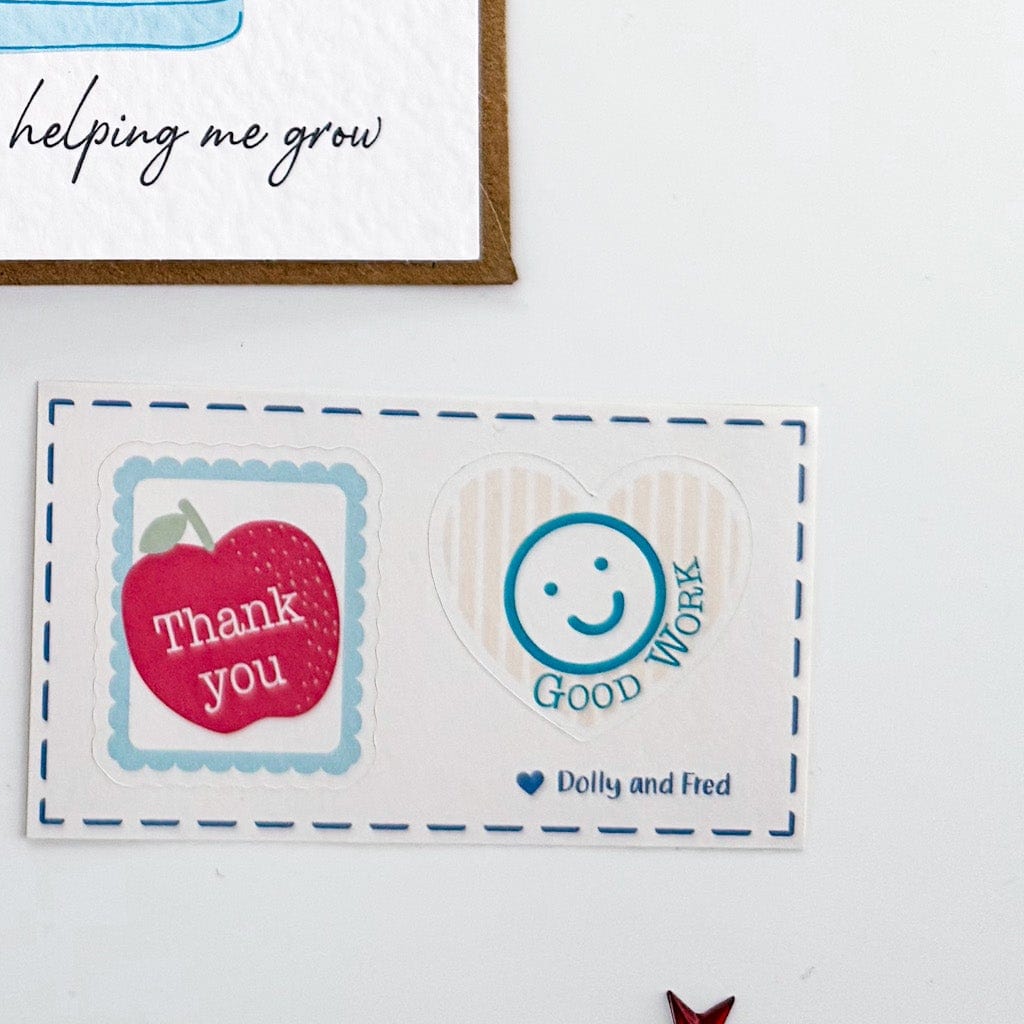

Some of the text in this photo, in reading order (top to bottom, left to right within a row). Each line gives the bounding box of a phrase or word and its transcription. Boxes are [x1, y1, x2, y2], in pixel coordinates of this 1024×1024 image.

[9, 74, 190, 185] helping
[200, 123, 269, 149] me
[268, 116, 382, 188] grow
[153, 585, 305, 654] Thank
[532, 555, 703, 713] GOOD WORK
[198, 655, 287, 714] you
[557, 769, 732, 800] Dolly and Fred
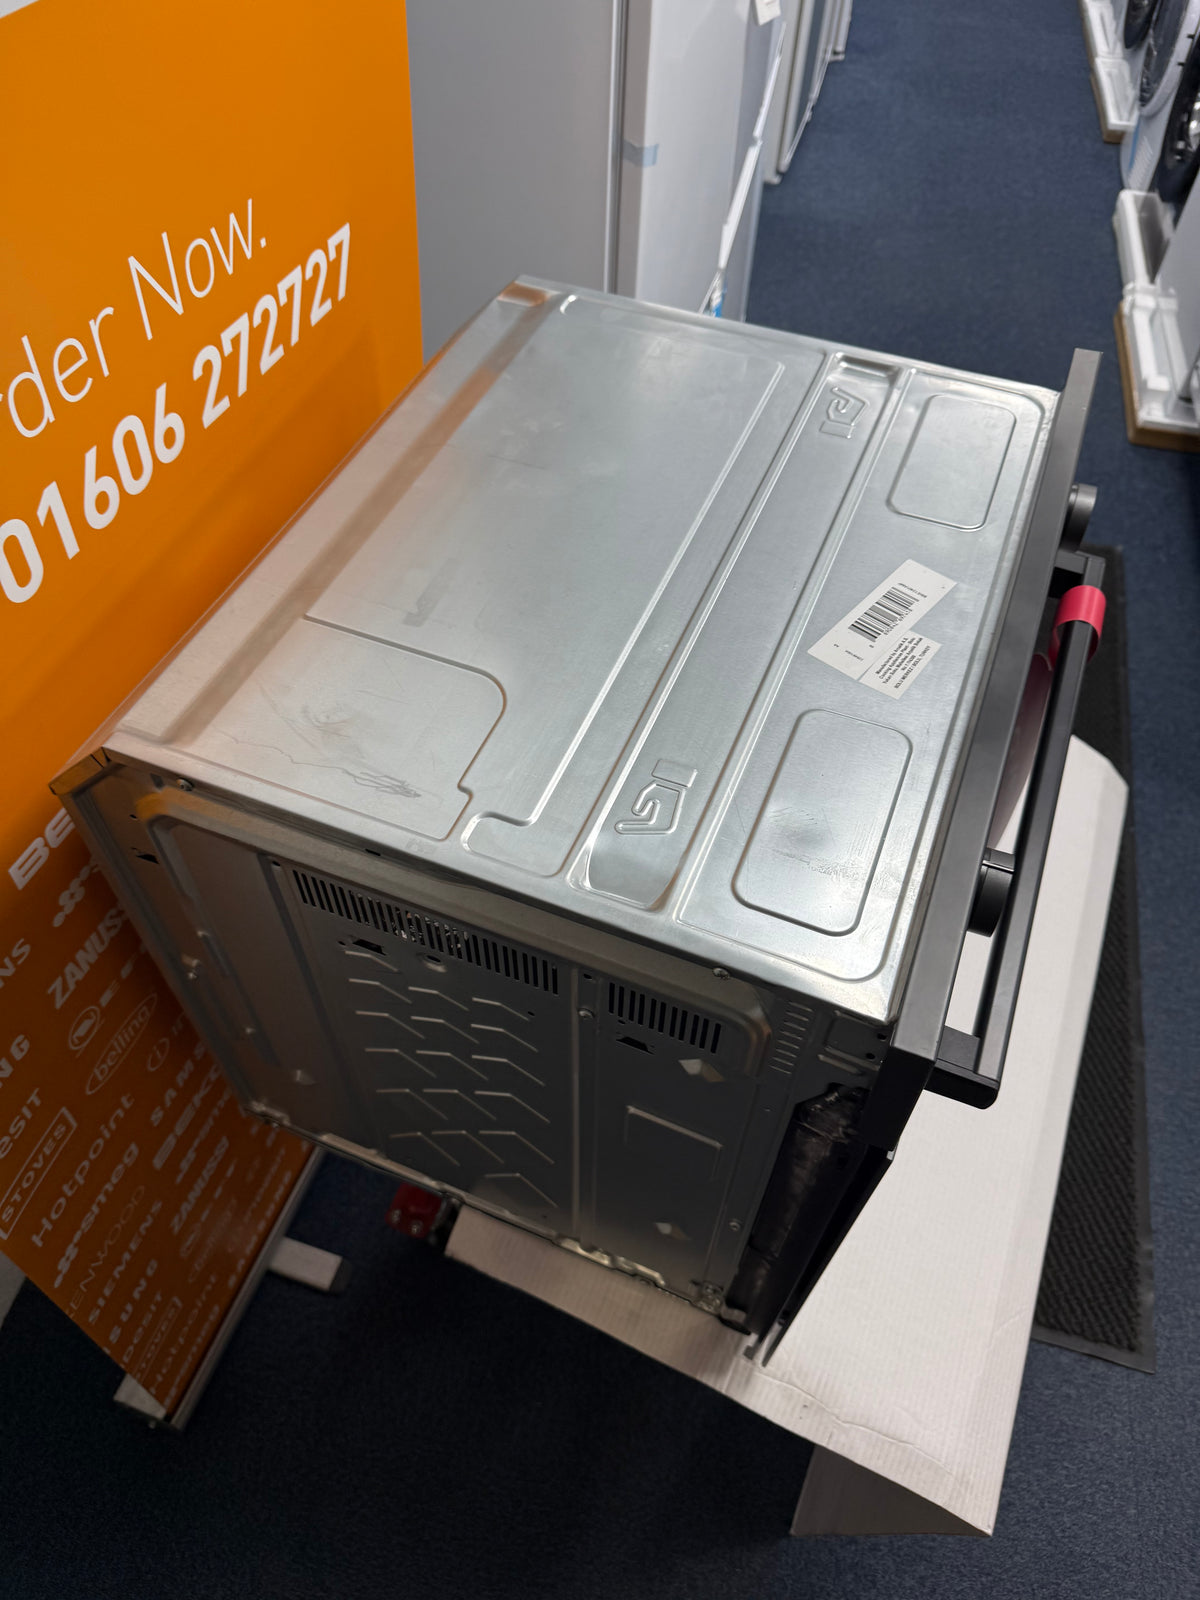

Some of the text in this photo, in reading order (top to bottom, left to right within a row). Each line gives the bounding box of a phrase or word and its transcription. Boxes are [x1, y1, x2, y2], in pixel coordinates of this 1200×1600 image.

[0, 198, 267, 438] der Now.
[0, 222, 351, 603] 01606 272727
[47, 904, 130, 1009] ZANUS
[2, 1123, 67, 1222] STOVES
[31, 1093, 135, 1247] Hotpoint
[88, 1200, 162, 1326] SIEMENS
[102, 1258, 159, 1354] SUNG
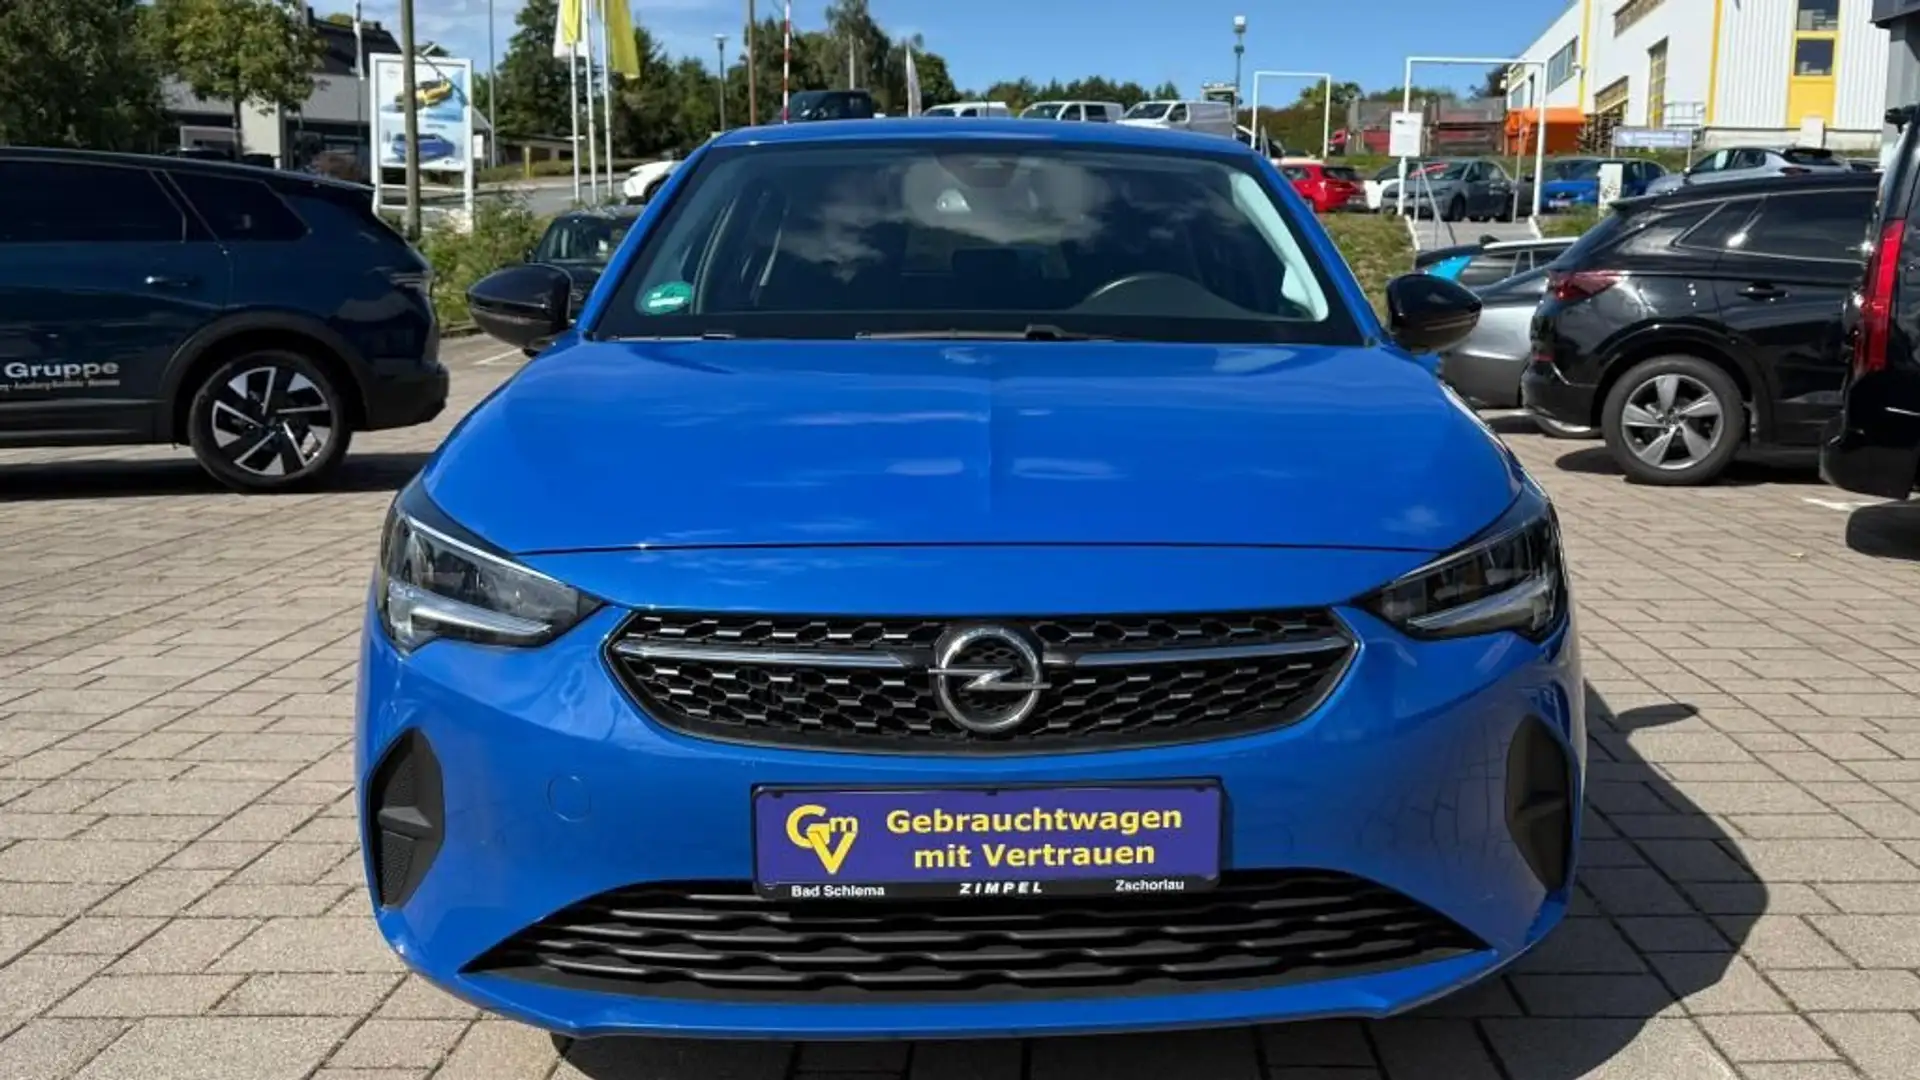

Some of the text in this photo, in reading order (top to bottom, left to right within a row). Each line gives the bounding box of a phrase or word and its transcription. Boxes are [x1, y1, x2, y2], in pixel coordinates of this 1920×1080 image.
======
The entire listing is to be printed exactly, with each picture omitted.

Task solution:
Some of the text in this photo, in reading order (top to bottom, left to right within a row). Each line gives the bounding box of a phrase or word and its transcription. Boxes are [x1, y1, x2, y2], in pixel coordinates of this 1024×1024 image.

[9, 74, 190, 185] helping
[200, 123, 269, 149] me
[268, 116, 382, 188] grow
[153, 585, 305, 654] Thank
[532, 555, 703, 713] GOOD WORK
[198, 655, 287, 714] you
[557, 769, 732, 800] Dolly and Fred

Some of the text in this photo, in reading order (top to bottom, left to right within a row). Each line gives the bounding box of a phrase or word and its transcription. Boxes are [x1, y1, x2, y2], in pixel coordinates of this 1200×1600 image.

[0, 198, 267, 438] der Now.
[0, 222, 351, 603] 01606 272727
[47, 904, 130, 1009] ZANUS
[2, 1123, 67, 1222] STOVES
[31, 1093, 135, 1247] Hotpoint
[88, 1200, 162, 1326] SIEMENS
[102, 1258, 159, 1354] SUNG

Some of the text in this photo, in reading order (top to bottom, left to right within a row). Each line gives the bounding box of a phrase or word and its transcription. Boxes are [x1, y1, x2, y2], in pixel coordinates of this 1920×1080 image.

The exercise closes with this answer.